Record extracts:
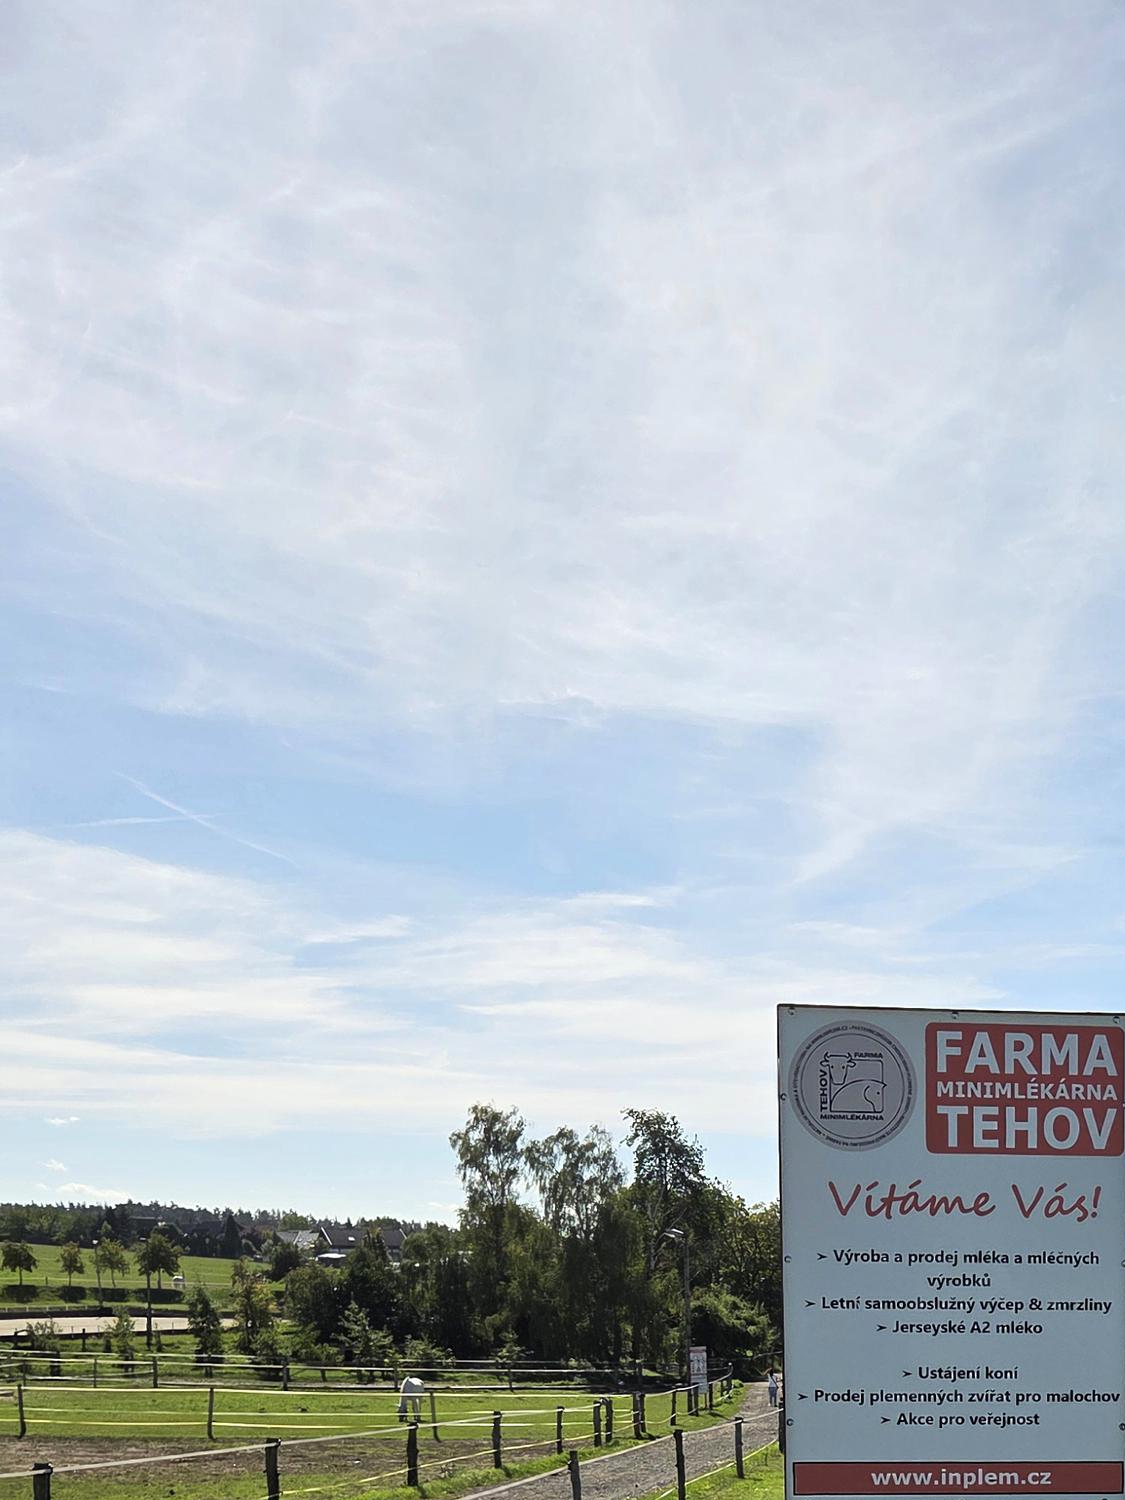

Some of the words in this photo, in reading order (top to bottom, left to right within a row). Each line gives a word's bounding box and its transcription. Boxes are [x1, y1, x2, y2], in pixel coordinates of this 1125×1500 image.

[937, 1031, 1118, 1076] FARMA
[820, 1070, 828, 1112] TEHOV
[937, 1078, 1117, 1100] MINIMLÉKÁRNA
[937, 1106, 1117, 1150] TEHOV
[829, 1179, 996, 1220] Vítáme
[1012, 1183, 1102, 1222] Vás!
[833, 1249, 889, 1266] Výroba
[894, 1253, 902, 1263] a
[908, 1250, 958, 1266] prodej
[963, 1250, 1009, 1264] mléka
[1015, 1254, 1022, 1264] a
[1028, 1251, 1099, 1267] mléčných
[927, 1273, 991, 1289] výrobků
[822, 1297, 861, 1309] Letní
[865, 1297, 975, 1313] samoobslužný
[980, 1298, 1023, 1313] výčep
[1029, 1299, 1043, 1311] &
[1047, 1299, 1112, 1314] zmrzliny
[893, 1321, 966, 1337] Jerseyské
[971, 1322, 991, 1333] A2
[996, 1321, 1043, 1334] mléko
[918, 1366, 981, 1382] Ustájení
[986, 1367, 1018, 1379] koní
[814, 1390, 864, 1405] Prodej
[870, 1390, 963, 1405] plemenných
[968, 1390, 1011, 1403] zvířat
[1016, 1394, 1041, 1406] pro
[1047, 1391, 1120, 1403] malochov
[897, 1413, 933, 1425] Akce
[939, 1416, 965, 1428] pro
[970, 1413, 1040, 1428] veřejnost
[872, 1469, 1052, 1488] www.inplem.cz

What is needed: The records are to be duplicated in full and exactly, with images left out.

Result:
Some of the words in this photo, in reading order (top to bottom, left to right within a row). Each line gives a word's bounding box and its transcription. Boxes are [x1, y1, x2, y2], in pixel coordinates of this 1125×1500 image.

[937, 1031, 1118, 1076] FARMA
[820, 1070, 828, 1112] TEHOV
[937, 1078, 1117, 1100] MINIMLÉKÁRNA
[937, 1106, 1117, 1150] TEHOV
[829, 1179, 996, 1220] Vítáme
[1012, 1183, 1102, 1222] Vás!
[833, 1249, 889, 1266] Výroba
[894, 1253, 902, 1263] a
[908, 1250, 958, 1266] prodej
[963, 1250, 1009, 1264] mléka
[1015, 1254, 1022, 1264] a
[1028, 1251, 1099, 1267] mléčných
[927, 1273, 991, 1289] výrobků
[822, 1297, 861, 1309] Letní
[865, 1297, 975, 1313] samoobslužný
[980, 1298, 1023, 1313] výčep
[1029, 1299, 1043, 1311] &
[1047, 1299, 1112, 1314] zmrzliny
[893, 1321, 966, 1337] Jerseyské
[971, 1322, 991, 1333] A2
[996, 1321, 1043, 1334] mléko
[918, 1366, 981, 1382] Ustájení
[986, 1367, 1018, 1379] koní
[814, 1390, 864, 1405] Prodej
[870, 1390, 963, 1405] plemenných
[968, 1390, 1011, 1403] zvířat
[1016, 1394, 1041, 1406] pro
[1047, 1391, 1120, 1403] malochov
[897, 1413, 933, 1425] Akce
[939, 1416, 965, 1428] pro
[970, 1413, 1040, 1428] veřejnost
[872, 1469, 1052, 1488] www.inplem.cz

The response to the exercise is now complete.